Could you return all of the records exactly, minus their images?
── MATERIAL FOR THIS TASK ──
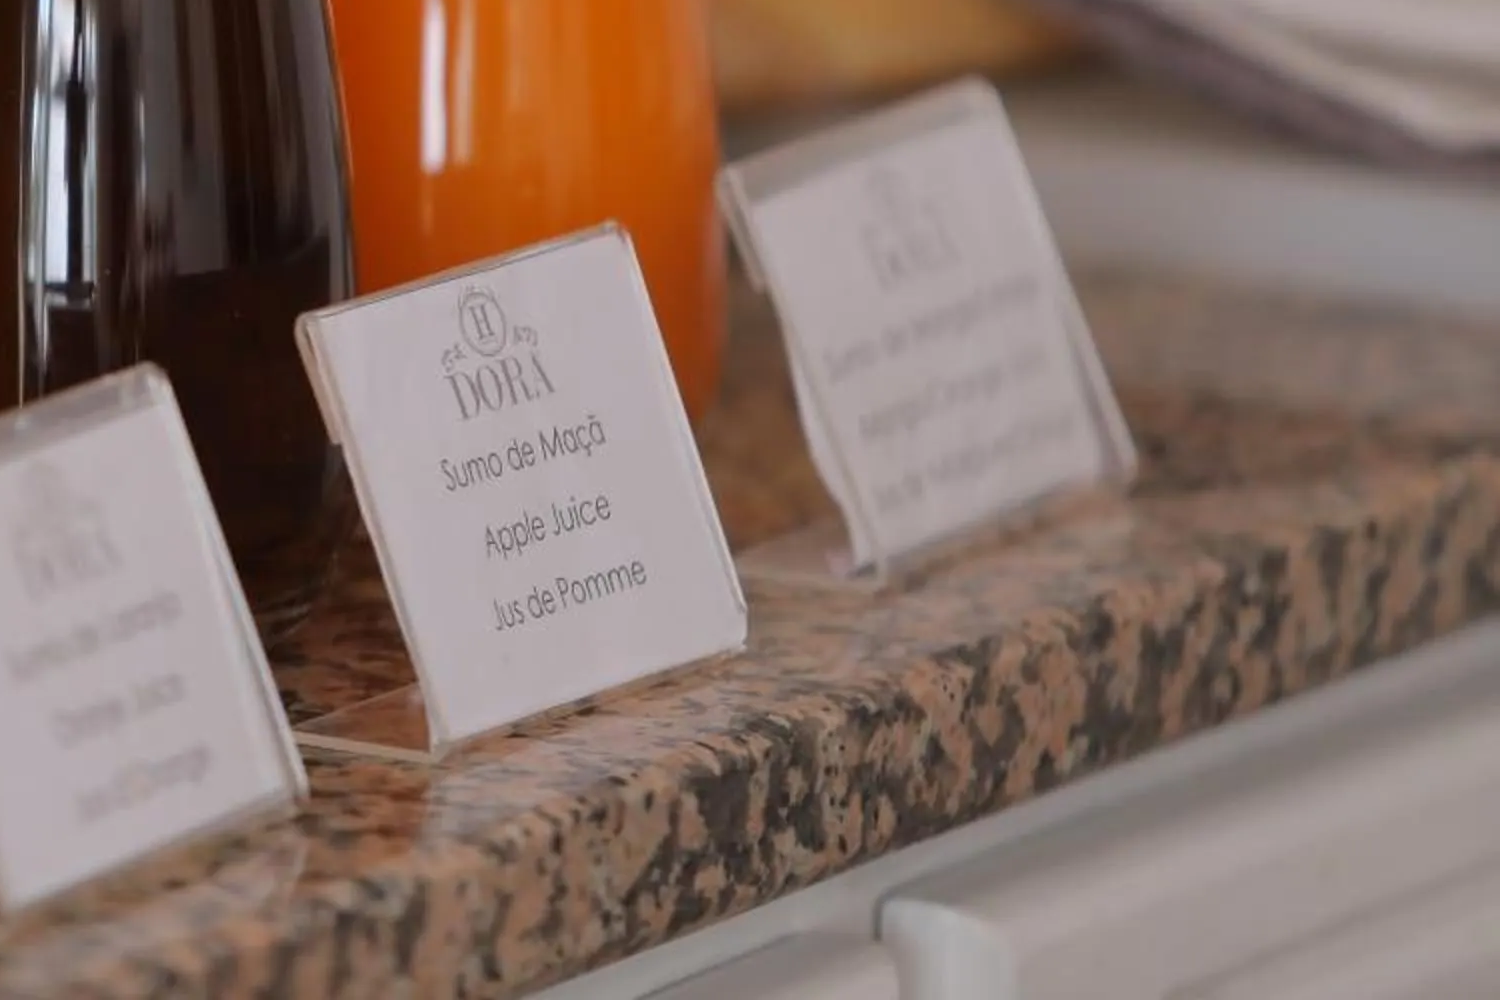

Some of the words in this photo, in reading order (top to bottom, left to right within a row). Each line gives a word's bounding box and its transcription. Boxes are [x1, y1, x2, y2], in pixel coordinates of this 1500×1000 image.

[468, 302, 497, 340] H
[443, 352, 556, 420] DORA
[440, 452, 503, 491] Sumo
[507, 438, 536, 471] de
[538, 415, 607, 457] Maçã
[484, 509, 546, 560] Apple
[551, 495, 611, 536] Juice
[493, 598, 525, 631] Jus
[527, 585, 556, 618] de
[555, 560, 648, 609] Pomme
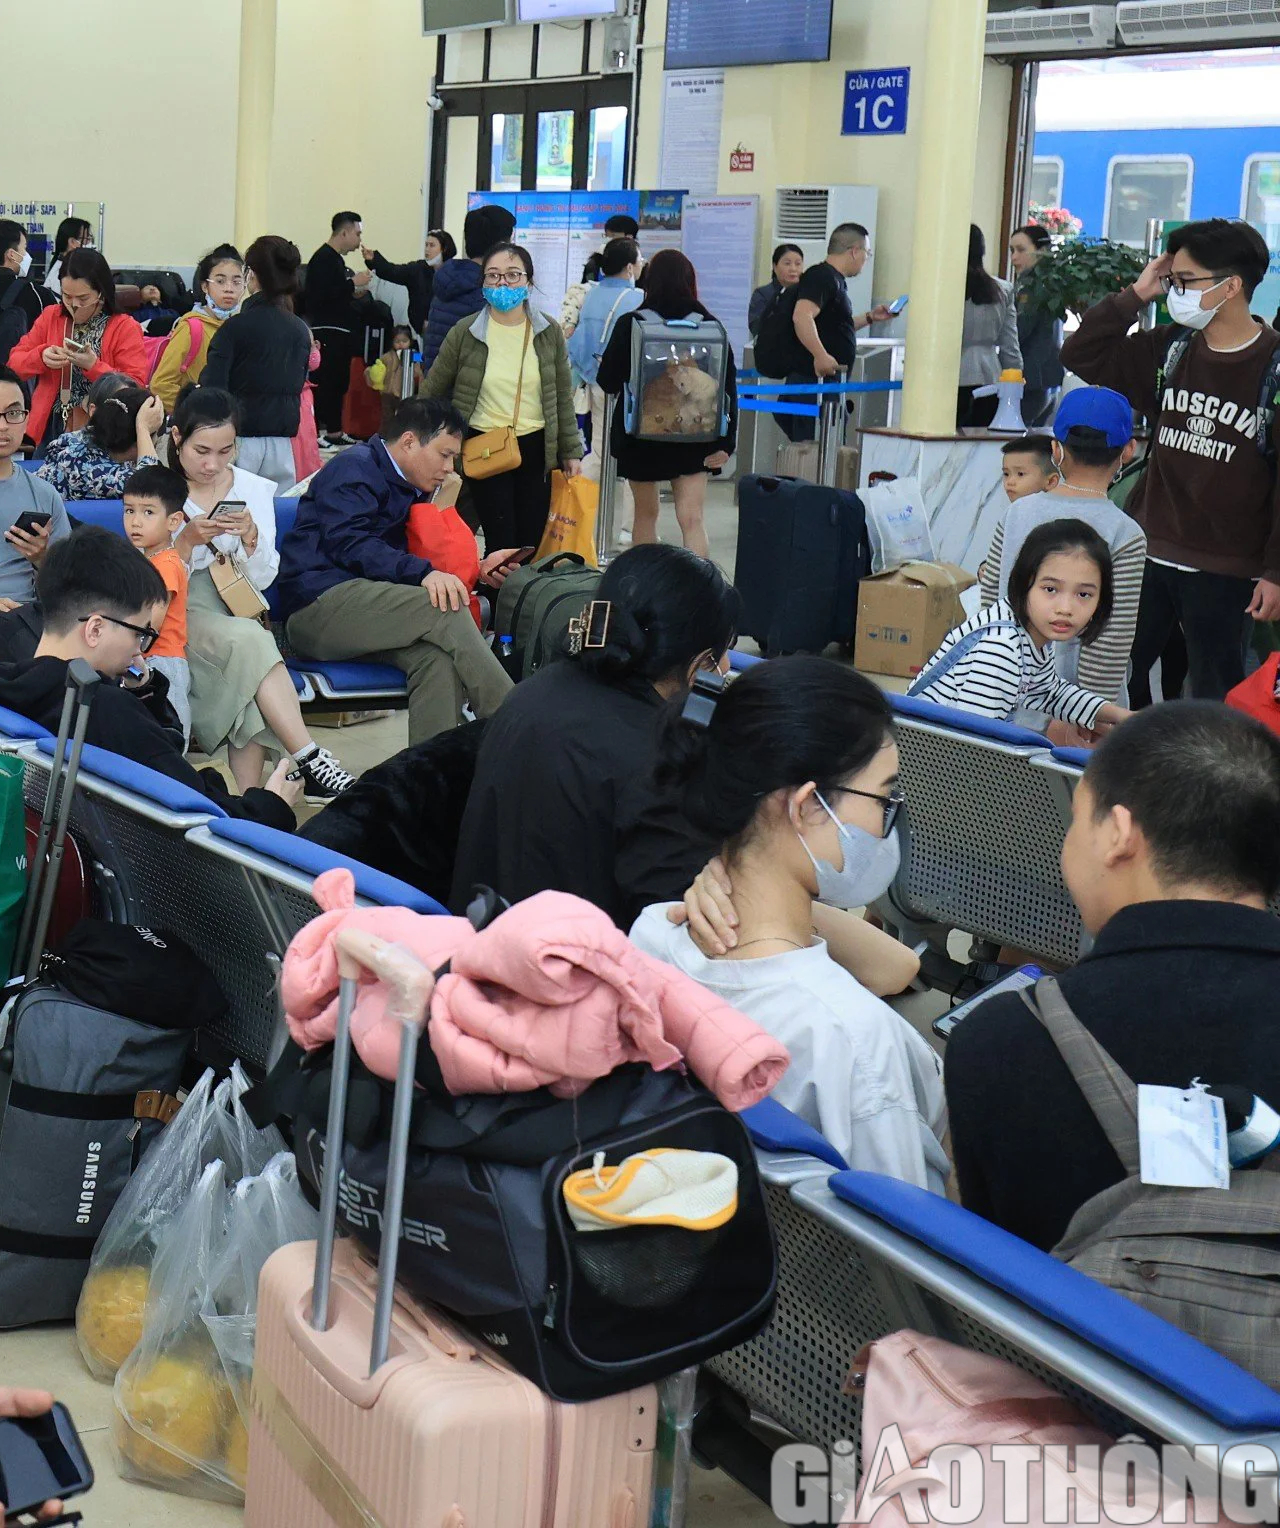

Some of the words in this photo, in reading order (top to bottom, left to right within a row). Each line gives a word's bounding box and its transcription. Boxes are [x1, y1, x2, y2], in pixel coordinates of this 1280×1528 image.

[848, 74, 869, 90] CỬA
[877, 76, 904, 89] GATE
[855, 94, 894, 130] 1C
[40, 204, 57, 216] SAPA
[1189, 418, 1212, 435] MU
[1158, 425, 1237, 464] UNIVERSITY
[75, 1141, 102, 1224] SAMSUNG
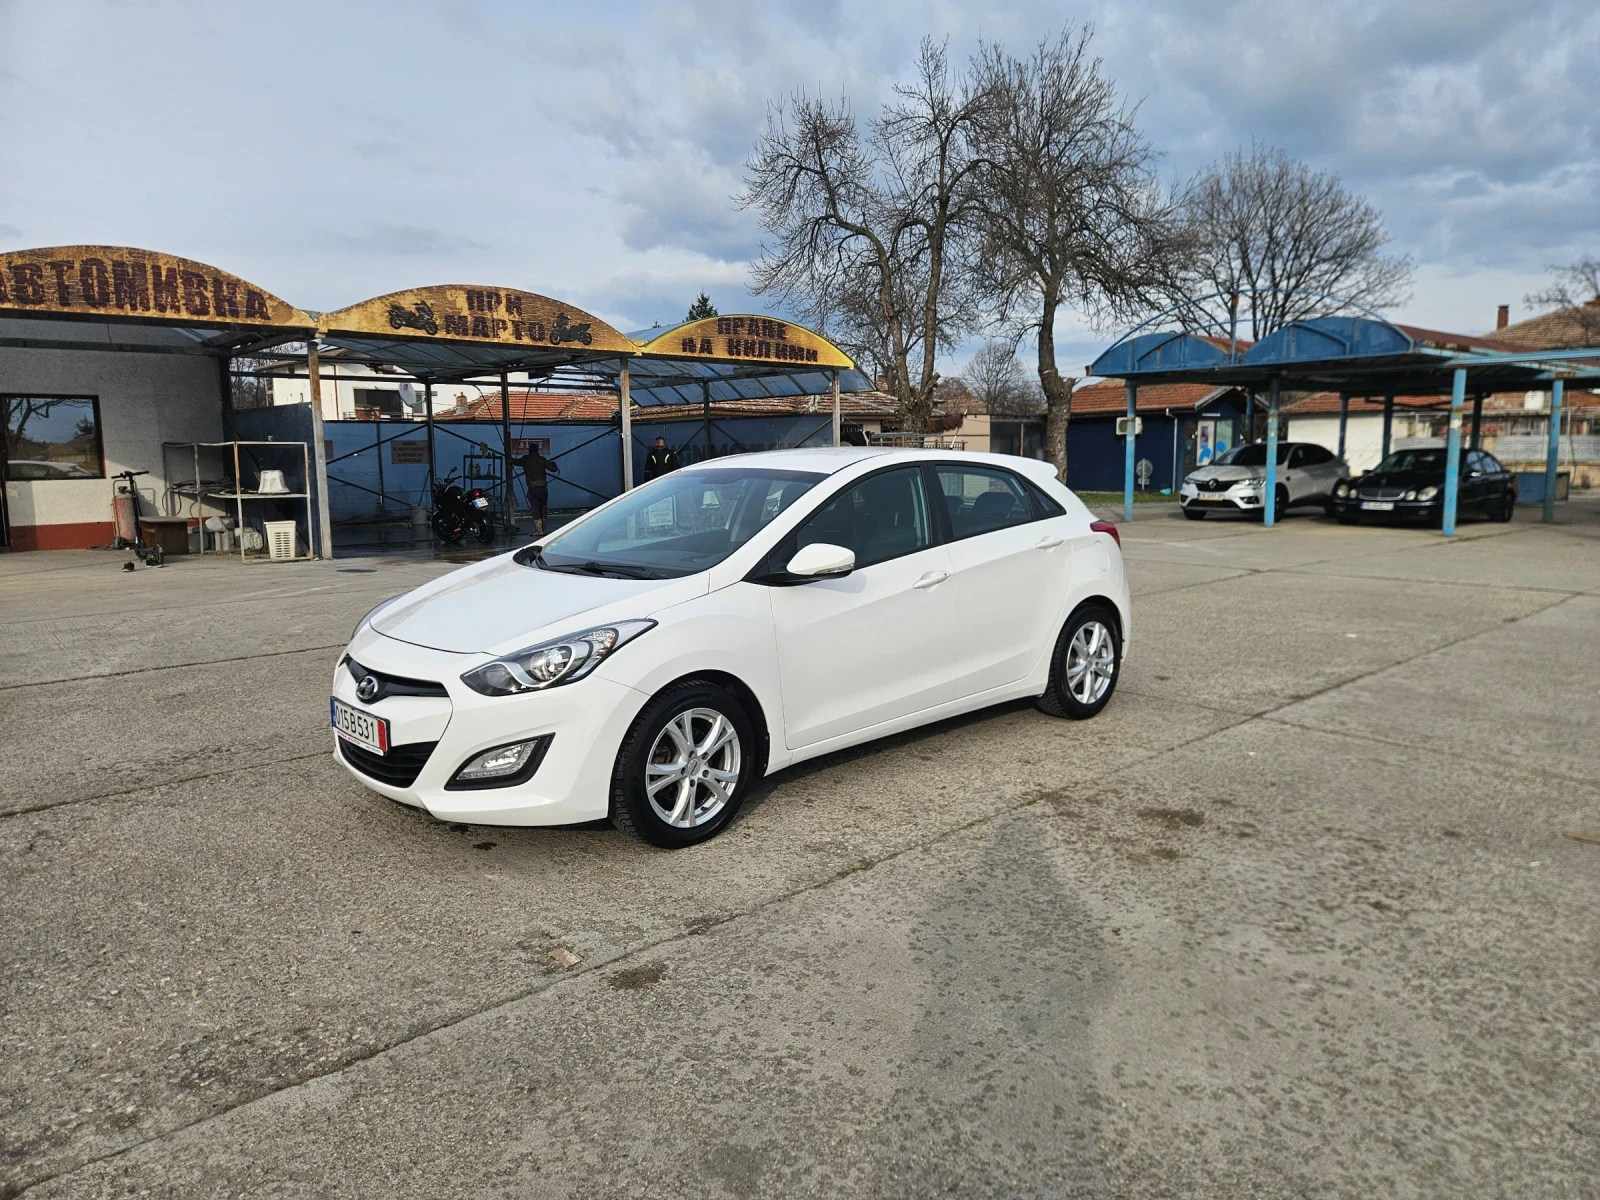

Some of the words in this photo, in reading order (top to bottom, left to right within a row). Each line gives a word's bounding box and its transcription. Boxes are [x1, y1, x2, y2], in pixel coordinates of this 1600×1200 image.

[466, 289, 523, 316] ПРИ
[444, 314, 546, 342] МАРТО
[717, 317, 787, 340] ПРАНЕ
[681, 337, 713, 354] НА
[727, 338, 818, 362] КИЛИМИ
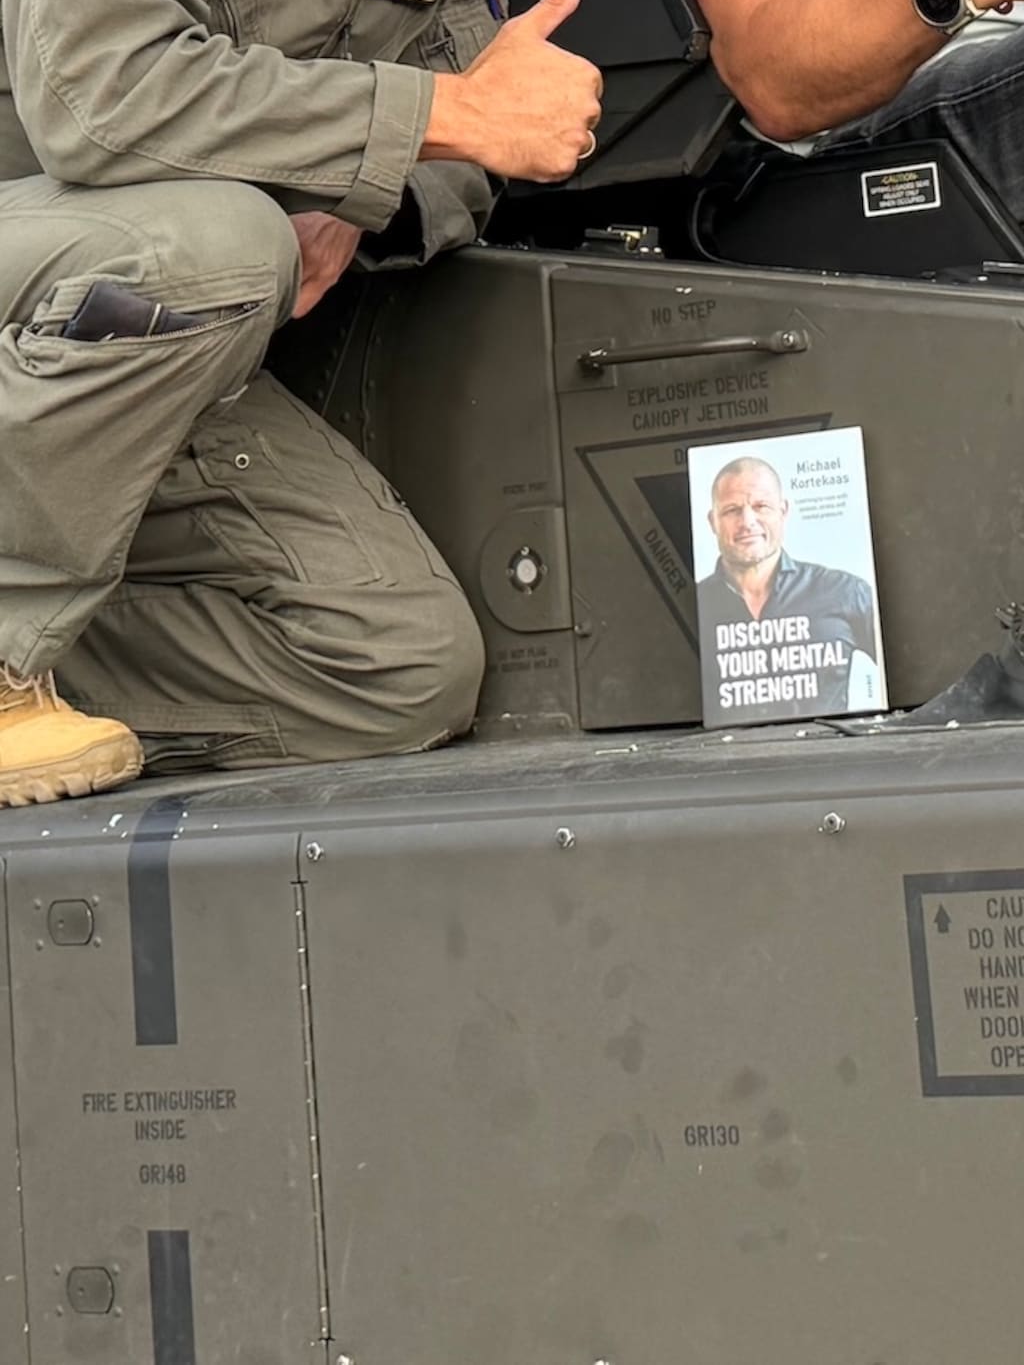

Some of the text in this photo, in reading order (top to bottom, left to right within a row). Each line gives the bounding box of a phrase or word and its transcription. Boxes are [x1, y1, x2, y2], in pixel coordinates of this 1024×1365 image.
───
OUTPUT OF THE EXERCISE →
Some of the words in this photo, in reading order (top to bottom, left to right within a row). Each line gives a word's bounding box and its transcription. Boxes are [x1, y1, x2, y2], in pixel coordinates of this 1500×1000 image.

[468, 302, 497, 340] H
[443, 352, 556, 420] DORA
[440, 452, 503, 491] Sumo
[507, 438, 536, 471] de
[538, 415, 607, 457] Maçã
[484, 509, 546, 560] Apple
[551, 495, 611, 536] Juice
[493, 598, 525, 631] Jus
[527, 585, 556, 618] de
[555, 560, 648, 609] Pomme

Some of the words in this photo, in reading order (top to bottom, left to right within a row). Each line gives a word's bounding box and its transcription. Boxes are [x1, y1, x2, y2], in pixel coordinates of this 1280×1528 image.

[848, 74, 869, 90] CỬA
[877, 76, 904, 89] GATE
[855, 94, 894, 130] 1C
[40, 204, 57, 216] SAPA
[1189, 418, 1212, 435] MU
[1158, 425, 1237, 464] UNIVERSITY
[75, 1141, 102, 1224] SAMSUNG

Some of the words in this photo, in reading order (top to bottom, left to right within a row). Each line gives a word's bounding box and its transcription. Boxes are [x1, y1, x2, y2], in pixel coordinates of this 1600×1200 image.

[466, 289, 523, 316] ПРИ
[444, 314, 546, 342] МАРТО
[717, 317, 787, 340] ПРАНЕ
[681, 337, 713, 354] НА
[727, 338, 818, 362] КИЛИМИ

Some of the text in this photo, in reading order (top to bottom, left to right within a row). Each line gives the bounding box of a phrase or word and its transcription. Boxes are [x1, y1, x2, y2], in pixel coordinates of this 1024×1365 image.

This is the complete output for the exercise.